__What to work on__: Make a verbatim copy of the entries below; pictures stay out.

__Listed records__:
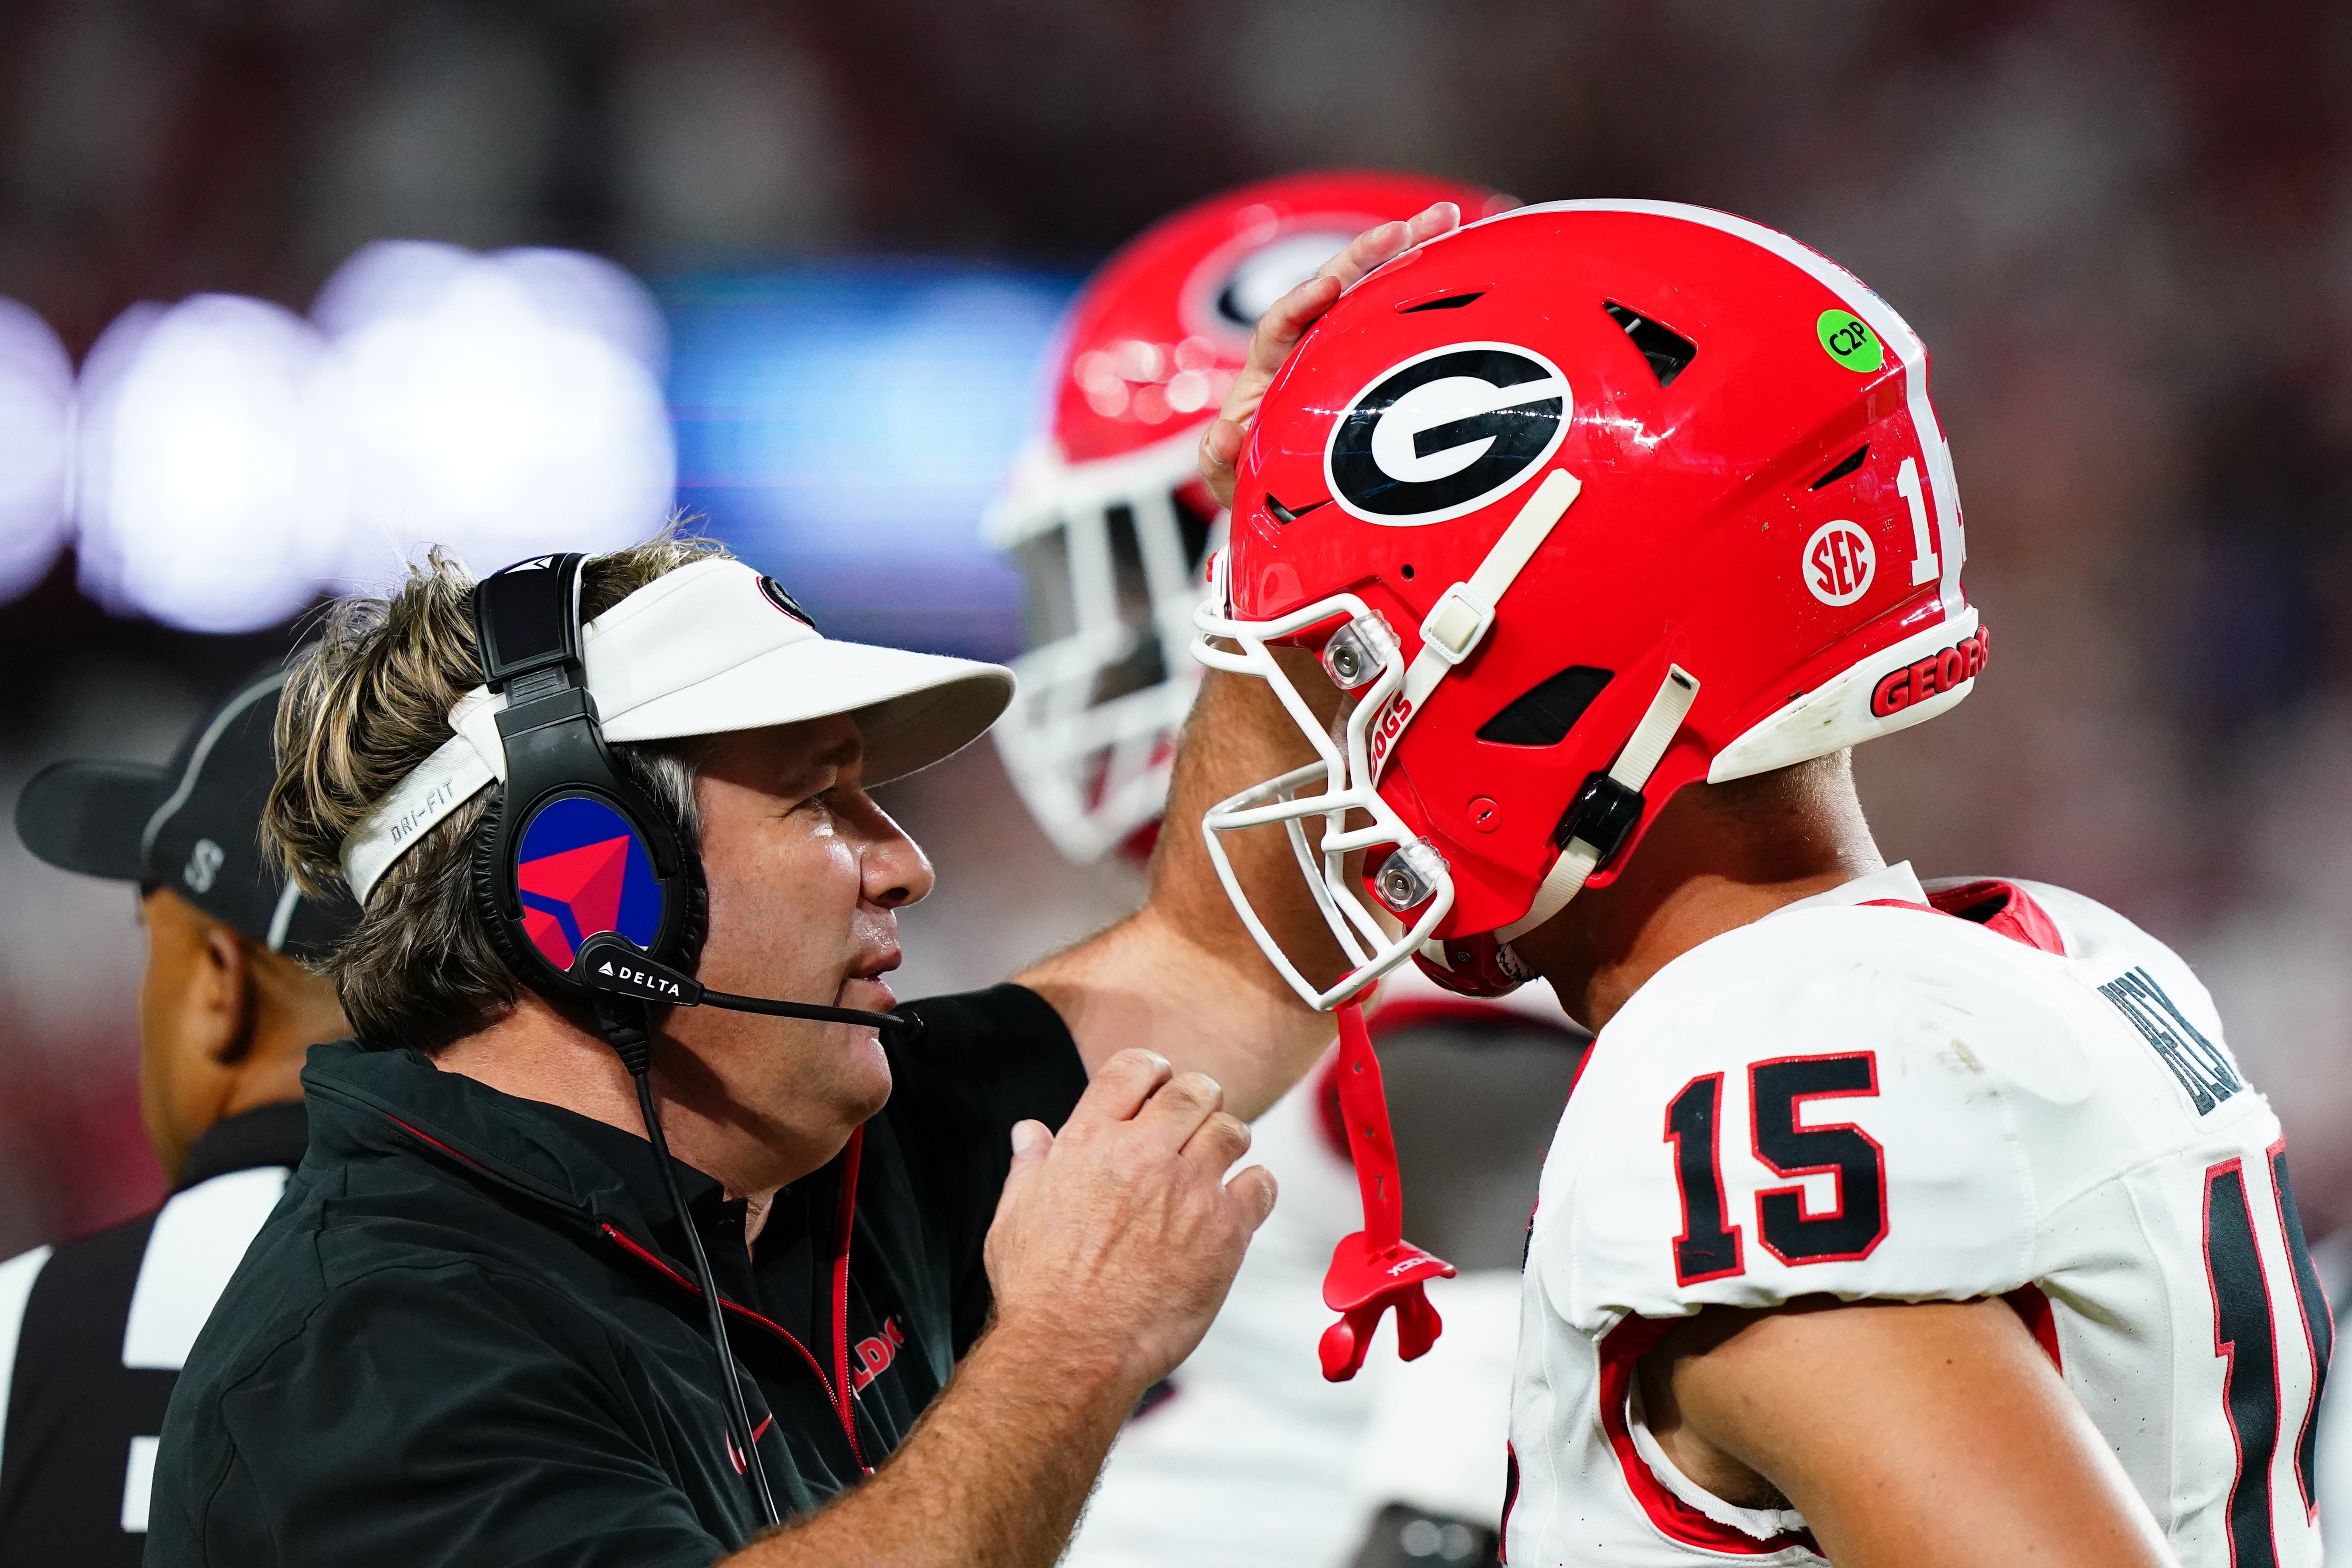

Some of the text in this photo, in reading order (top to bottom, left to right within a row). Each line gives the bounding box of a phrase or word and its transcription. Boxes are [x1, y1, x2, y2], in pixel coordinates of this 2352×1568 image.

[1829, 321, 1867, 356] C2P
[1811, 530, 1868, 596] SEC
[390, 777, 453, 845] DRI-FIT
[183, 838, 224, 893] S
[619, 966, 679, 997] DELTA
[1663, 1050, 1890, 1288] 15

__Answer box__:
Some of the text in this photo, in reading order (top to bottom, left to right within a row). Each line gives the bounding box of a phrase or word and its transcription. Boxes are [x1, y1, x2, y2], in pixel coordinates of this 2352×1568 image.

[1829, 321, 1867, 356] C2P
[1811, 530, 1868, 596] SEC
[390, 777, 453, 845] DRI-FIT
[183, 838, 224, 893] S
[619, 966, 679, 997] DELTA
[1663, 1050, 1890, 1288] 15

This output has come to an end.